2020-03-03T13:26:46.184600Z

this is not a good explanation

alexmiller 2020-03-02T22:53:41.175500Z

it might actually matter here for the scope of the exception table, I will look into it a little more

alexmiller 2020-03-02T22:54:13.175900Z

or maybe it could actually just be a do

alexmiller 2020-03-02T22:54:43.176300Z

this is like v5 of this patch and it was doing something in the prior version

borkdude 2020-03-02T22:56:42.176900Z

I remember seeing an empty let (let [] ...) somewhere in core once

borkdude 2020-03-02T23:00:39.178600Z

maybe it's there for a similar reason

borkdude 2020-03-02T23:18:41.180500Z

I have a repro for the clojure.lang.Reflector issue on JDK11:

(ns spec-test.core
  (:gen-class)
  (:import [clojure.lang Reflector])
  (:require [<http://clojure.java.io|clojure.java.io> :as io]))

(defn -main [&amp; _args]
  (println *clojure-version*)
  (println (System/getProperty "java.version"))
  (println (System/getProperty "java.vm.version"))
  (println (Reflector/invokeInstanceMethod (io/file ".") "exists" (object-array []))))
reflection.json:
[{
  "name" : "<http://java.io|java.io>.File",
  "allPublicMethods" : true,
  "allPublicFields" : true,
  "allPublicConstructors" : true
}]
With 20.0.0 java8:
$ ./spec-test
{:major 1, :minor 10, :incremental 1, :qualifier patch_38bafca9_clj_1472_5}
1.8.0_242
GraalVM 20.0.0 CE
true
With 20.0.0 java11:
$ ./spec-test
{:major 1, :minor 10, :incremental 1, :qualifier patch_38bafca9_clj_1472_5}
11.0.6
GraalVM 20.0.0 CE
Exception in thread "main" com.oracle.svm.core.jdk.UnsupportedFeatureError: Invoke with MethodHandle argument could not be reduced to at most a single call or single field access.

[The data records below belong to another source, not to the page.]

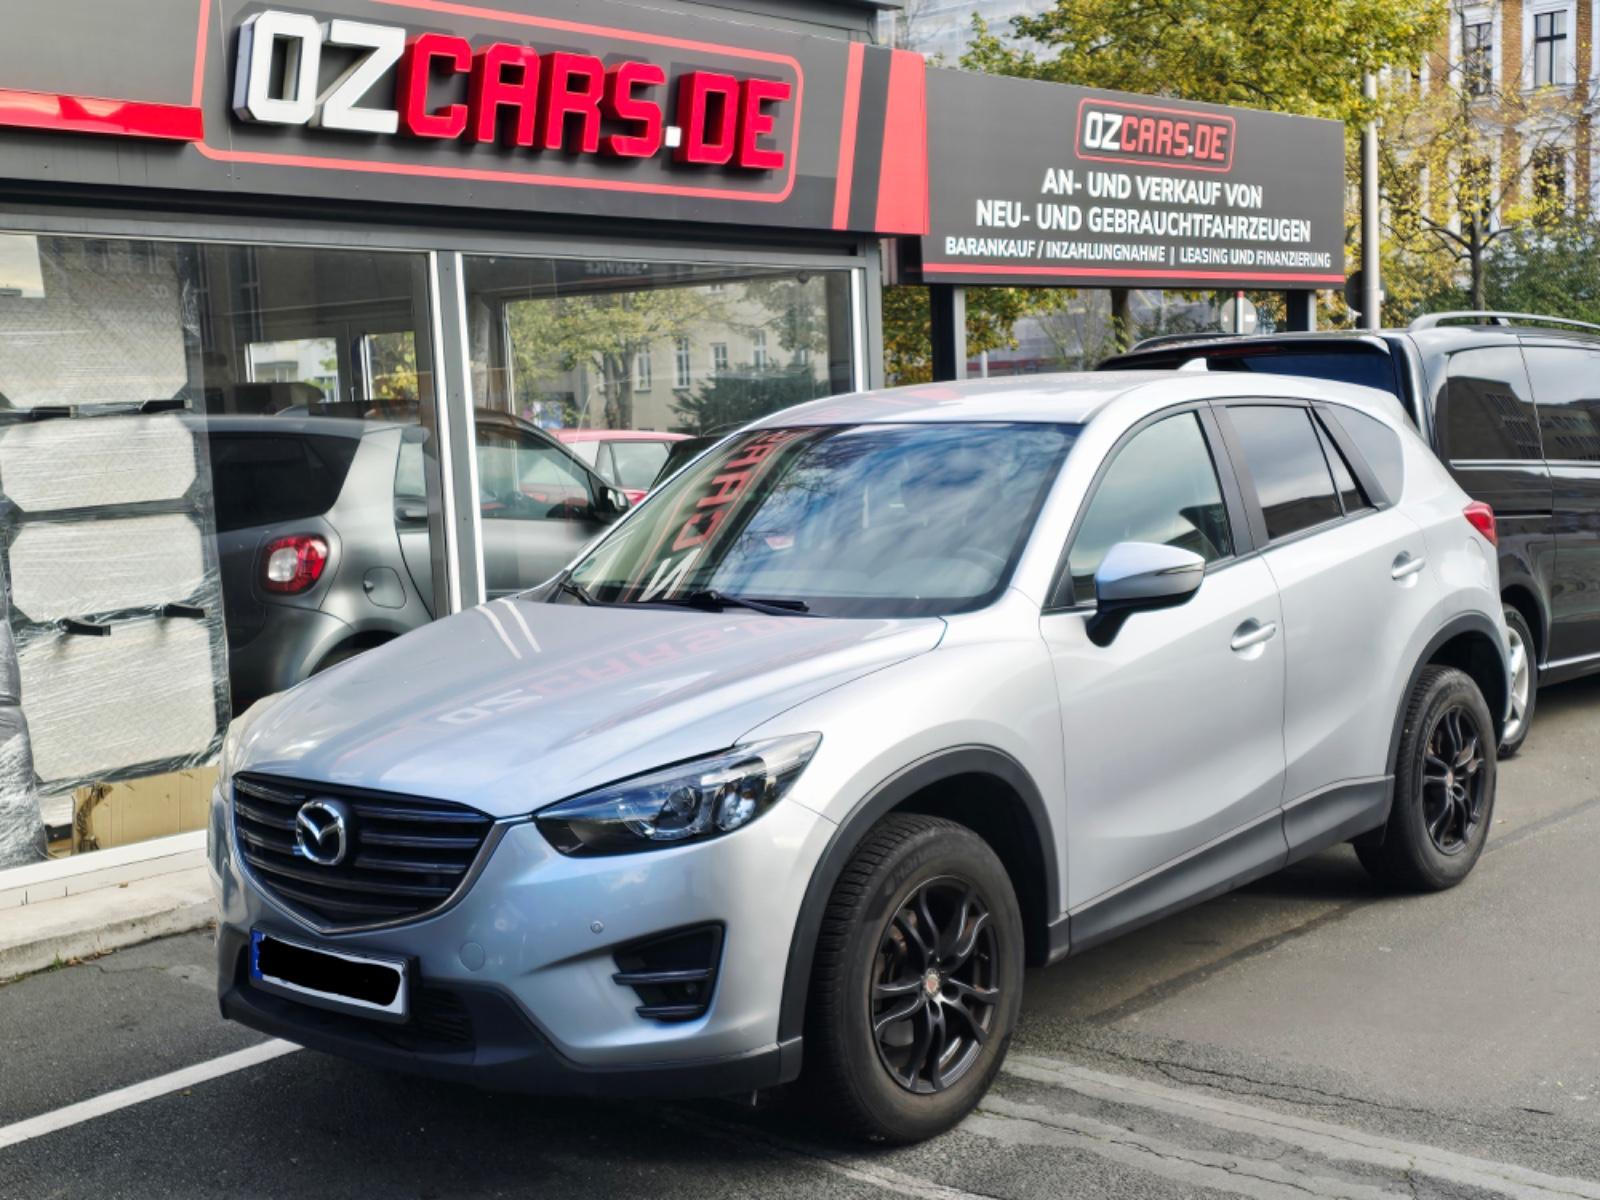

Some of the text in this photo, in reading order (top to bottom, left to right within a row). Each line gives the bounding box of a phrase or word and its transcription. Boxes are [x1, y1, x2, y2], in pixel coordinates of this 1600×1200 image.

[232, 10, 792, 170] OZCARS.DE
[1083, 111, 1229, 160] OZCARS.DE
[1041, 168, 1263, 208] AN- UND VERKAUF VON
[976, 199, 1311, 242] NEU- UND GEBRAUCHTFAHRZEUGEN
[944, 236, 1036, 258] BARANKAUF
[1046, 241, 1166, 262] INZAHLUNGNAHME
[1180, 246, 1229, 264] LEASING
[1230, 250, 1255, 265] UND
[1256, 251, 1331, 268] FINANZIERUNG

The method handle must be a compile time constant, e.g., be loaded from a `static final` field. Method that contains the method handle invocation: java.lang.invoke.Invokers$Holder.invoke_MT(Object, Object, Object, Object)
	at com.oracle.svm.core.util.VMError.unsupportedFeature(VMError.java:101)
	at clojure.lang.Reflector.canAccess(Reflector.java:49)

borkdude 2020-03-02T23:20:00.181200Z

So I've been able to work around that like here: https://github.com/lread/clj-graal-docs#jdk11-and-clojurelangreflector

borkdude 2020-03-02T23:20:14.181600Z

Let me know if you want an issue for it.